*Task item*. Could you transcribe all the entries exactly, omitting the pictures?

BEGIN

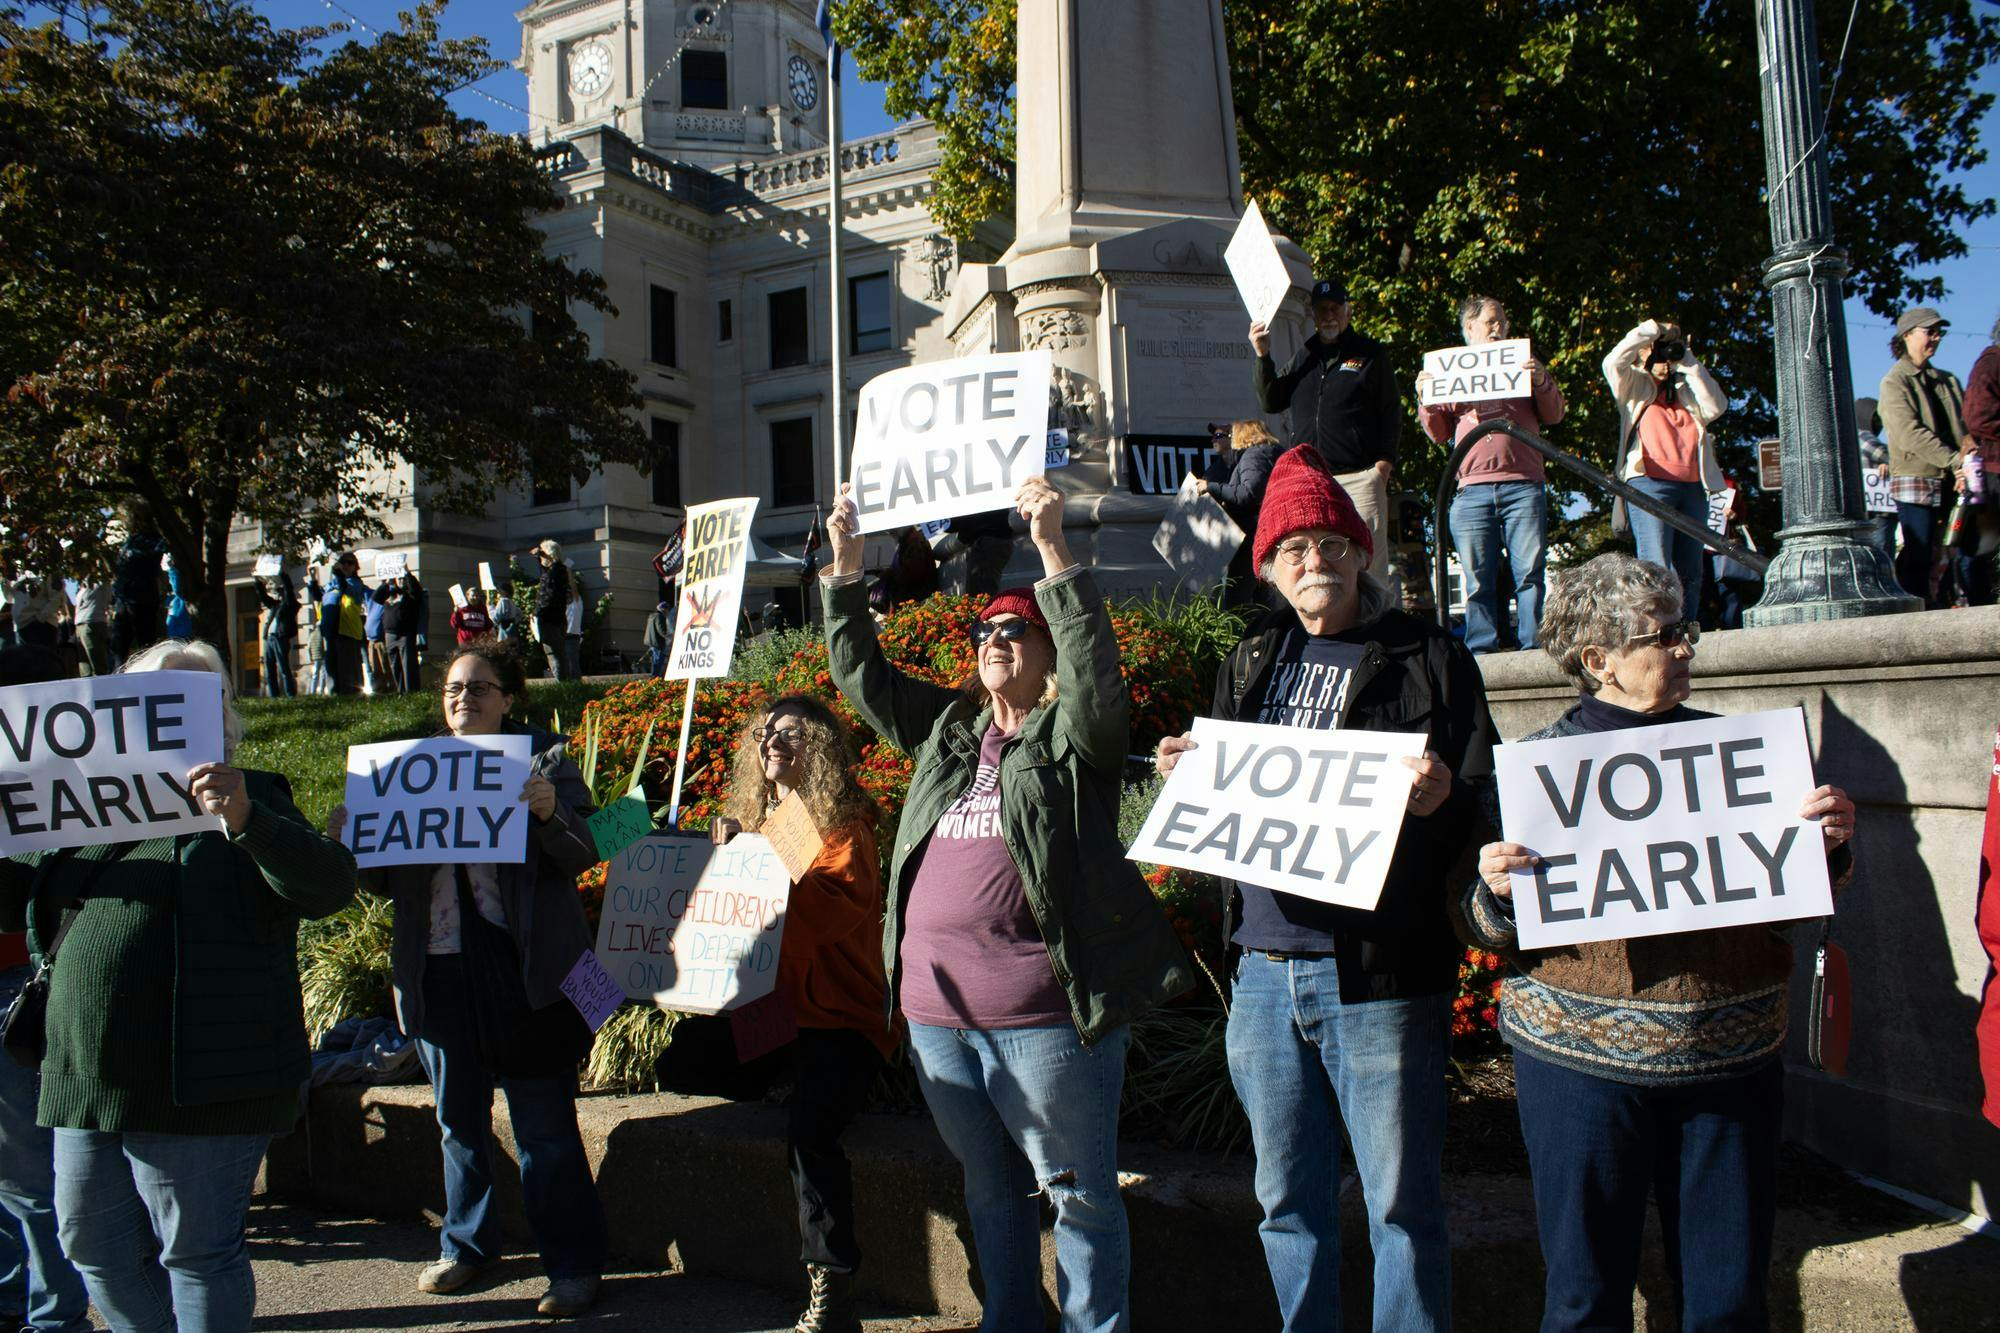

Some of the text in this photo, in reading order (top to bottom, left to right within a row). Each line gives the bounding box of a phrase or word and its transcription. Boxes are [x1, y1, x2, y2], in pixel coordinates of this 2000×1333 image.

[1438, 347, 1516, 372] VOTE
[868, 370, 1018, 440] VOTE
[1432, 371, 1522, 397] EARLY
[1045, 449, 1065, 465] RLY
[1047, 433, 1061, 447] TE
[855, 434, 1031, 515] EARLY
[1708, 491, 1729, 532] ARLY
[1864, 491, 1895, 507] ARL
[691, 505, 747, 551] VOTE
[377, 567, 403, 577] EARLY
[685, 541, 743, 587] EARLY
[678, 651, 716, 669] KINGS
[685, 630, 712, 652] NO
[0, 694, 187, 762] VOTE
[369, 750, 504, 797] VOTE
[1213, 740, 1388, 807] VOTE
[1534, 737, 1772, 828] VOTE
[0, 771, 204, 835] EARLY
[352, 806, 515, 855] EARLY
[604, 822, 641, 857] PLAN
[616, 821, 627, 834] A
[1153, 801, 1381, 884] EARLY
[625, 844, 775, 881] VOTE LIKE
[1533, 826, 1799, 924] EARLY
[613, 885, 660, 915] OUR
[608, 921, 773, 972] LIVES DEPEND
[581, 973, 606, 1010] YOUR
[583, 953, 619, 1000] KNOW
[628, 961, 735, 1004] ON IT!
[562, 977, 600, 1021] BALLOT
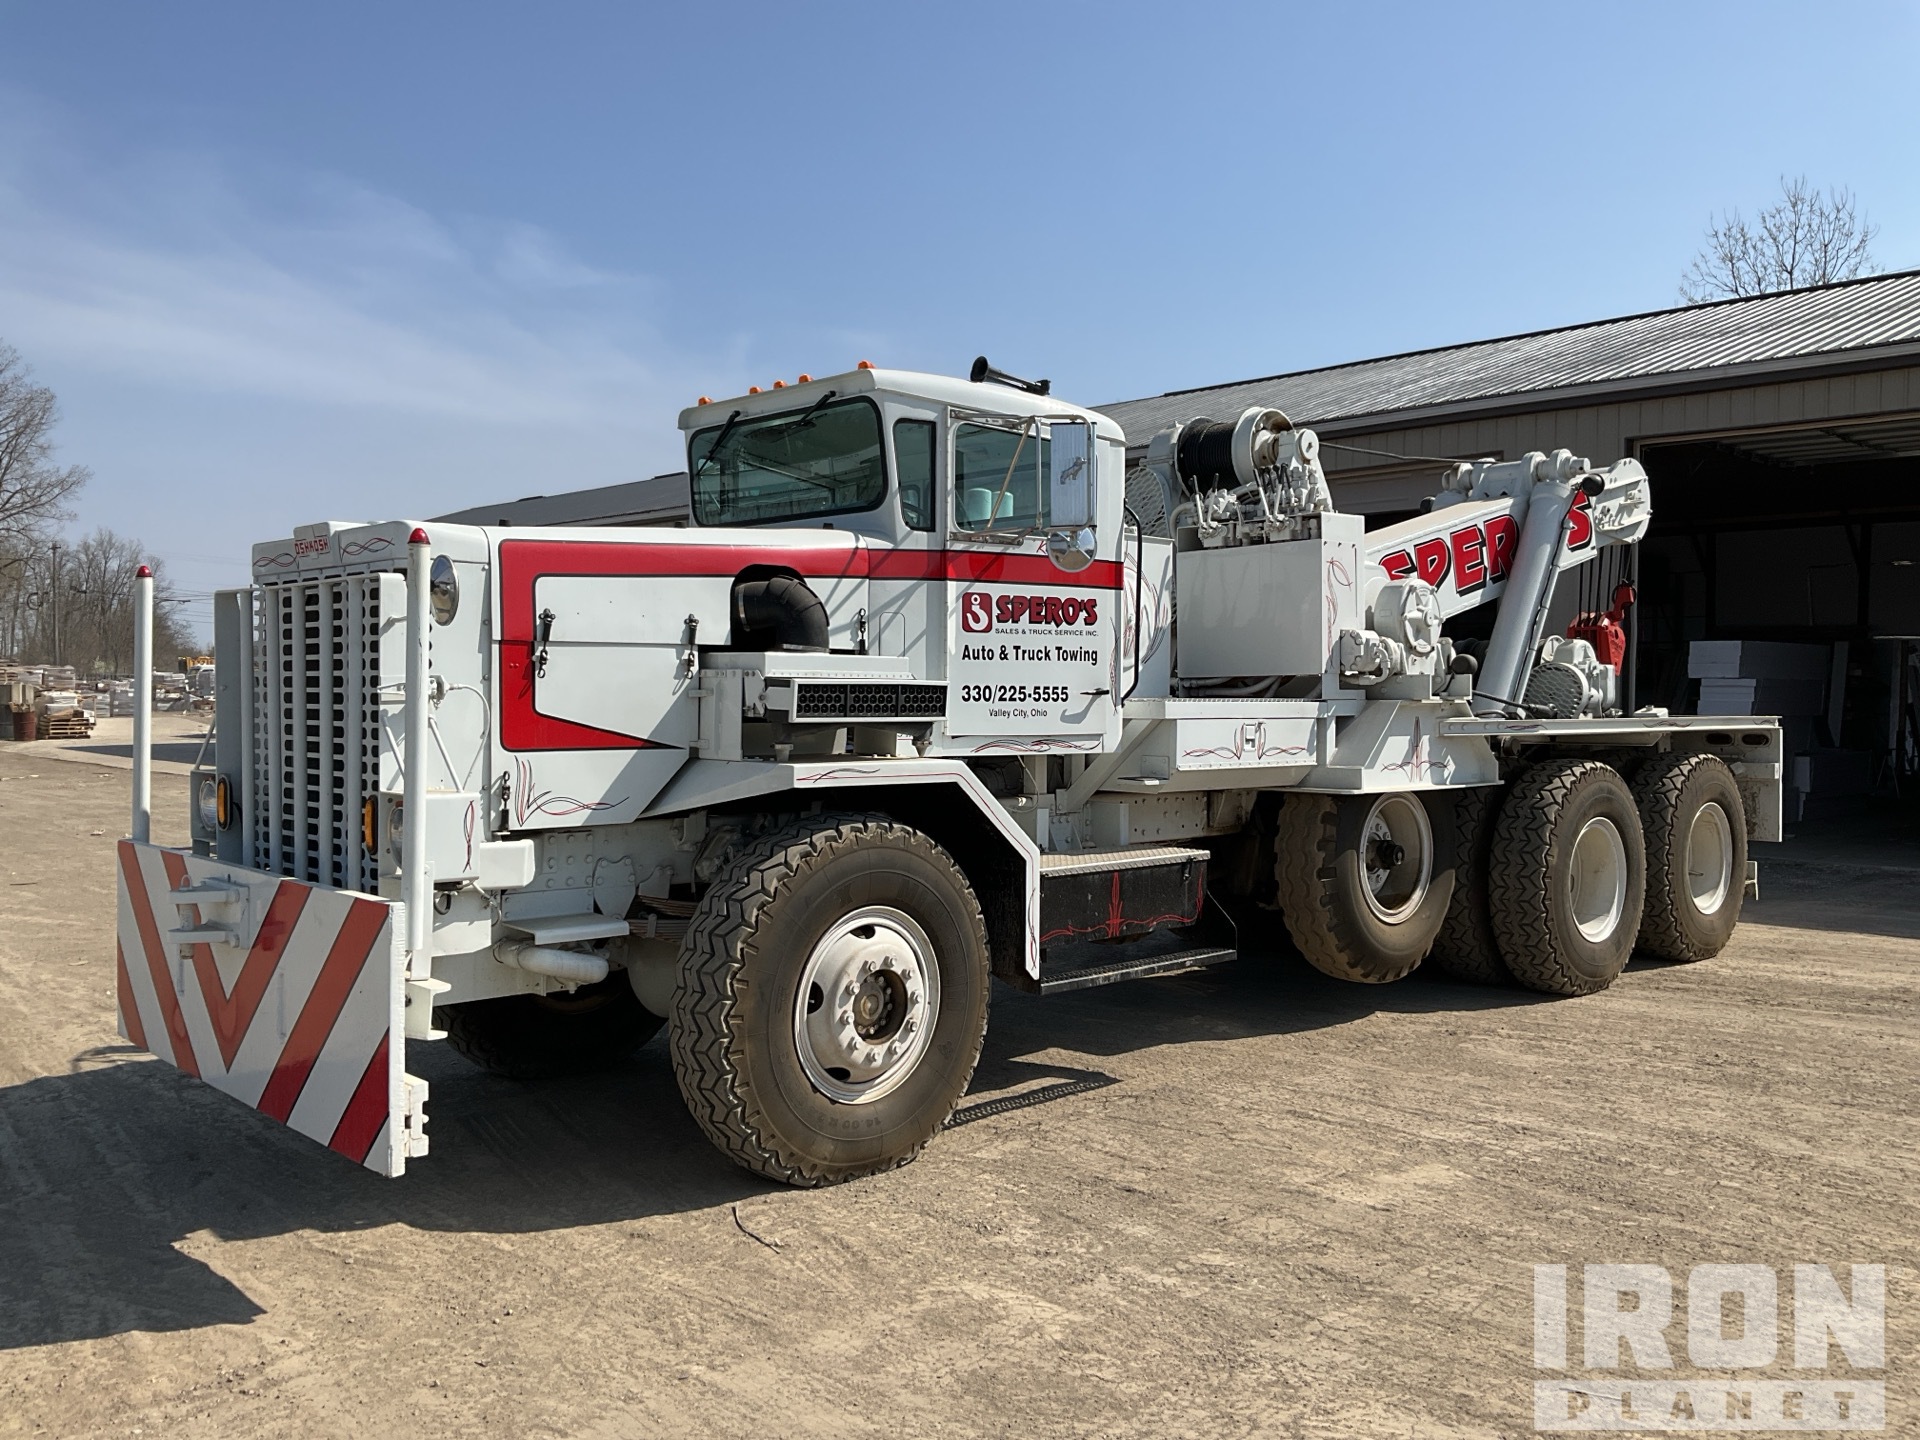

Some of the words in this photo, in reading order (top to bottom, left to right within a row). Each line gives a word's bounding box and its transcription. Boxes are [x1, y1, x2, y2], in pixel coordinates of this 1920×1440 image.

[294, 539, 328, 555] OSHKOSH
[996, 595, 1098, 628] SPERO'S
[962, 644, 995, 661] Auto
[999, 644, 1009, 661] &
[1013, 645, 1051, 661] Truck
[1055, 646, 1098, 666] Towing
[961, 684, 1069, 704] 330/225-5555
[989, 708, 1011, 719] Valley
[1012, 708, 1029, 719] City,
[1030, 708, 1048, 717] Ohio

END

*Solution for this task*.
Some of the text in this photo, in reading order (top to bottom, left to right within a row). Each line gives the bounding box of a phrase or word and its transcription. Boxes are [x1, y1, x2, y2], in pixel coordinates of this 2000×1333 image.

[1438, 347, 1516, 372] VOTE
[868, 370, 1018, 440] VOTE
[1432, 371, 1522, 397] EARLY
[1045, 449, 1065, 465] RLY
[1047, 433, 1061, 447] TE
[855, 434, 1031, 515] EARLY
[1708, 491, 1729, 532] ARLY
[1864, 491, 1895, 507] ARL
[691, 505, 747, 551] VOTE
[377, 567, 403, 577] EARLY
[685, 541, 743, 587] EARLY
[678, 651, 716, 669] KINGS
[685, 630, 712, 652] NO
[0, 694, 187, 762] VOTE
[369, 750, 504, 797] VOTE
[1213, 740, 1388, 807] VOTE
[1534, 737, 1772, 828] VOTE
[0, 771, 204, 835] EARLY
[352, 806, 515, 855] EARLY
[604, 822, 641, 857] PLAN
[616, 821, 627, 834] A
[1153, 801, 1381, 884] EARLY
[625, 844, 775, 881] VOTE LIKE
[1533, 826, 1799, 924] EARLY
[613, 885, 660, 915] OUR
[608, 921, 773, 972] LIVES DEPEND
[581, 973, 606, 1010] YOUR
[583, 953, 619, 1000] KNOW
[628, 961, 735, 1004] ON IT!
[562, 977, 600, 1021] BALLOT

Some of the words in this photo, in reading order (top to bottom, left to right within a row). Each line gives a word's bounding box and its transcription. Boxes are [x1, y1, x2, y2], in pixel coordinates of this 1920×1440 image.

[294, 539, 328, 555] OSHKOSH
[996, 595, 1098, 628] SPERO'S
[962, 644, 995, 661] Auto
[999, 644, 1009, 661] &
[1013, 645, 1051, 661] Truck
[1055, 646, 1098, 666] Towing
[961, 684, 1069, 704] 330/225-5555
[989, 708, 1011, 719] Valley
[1012, 708, 1029, 719] City,
[1030, 708, 1048, 717] Ohio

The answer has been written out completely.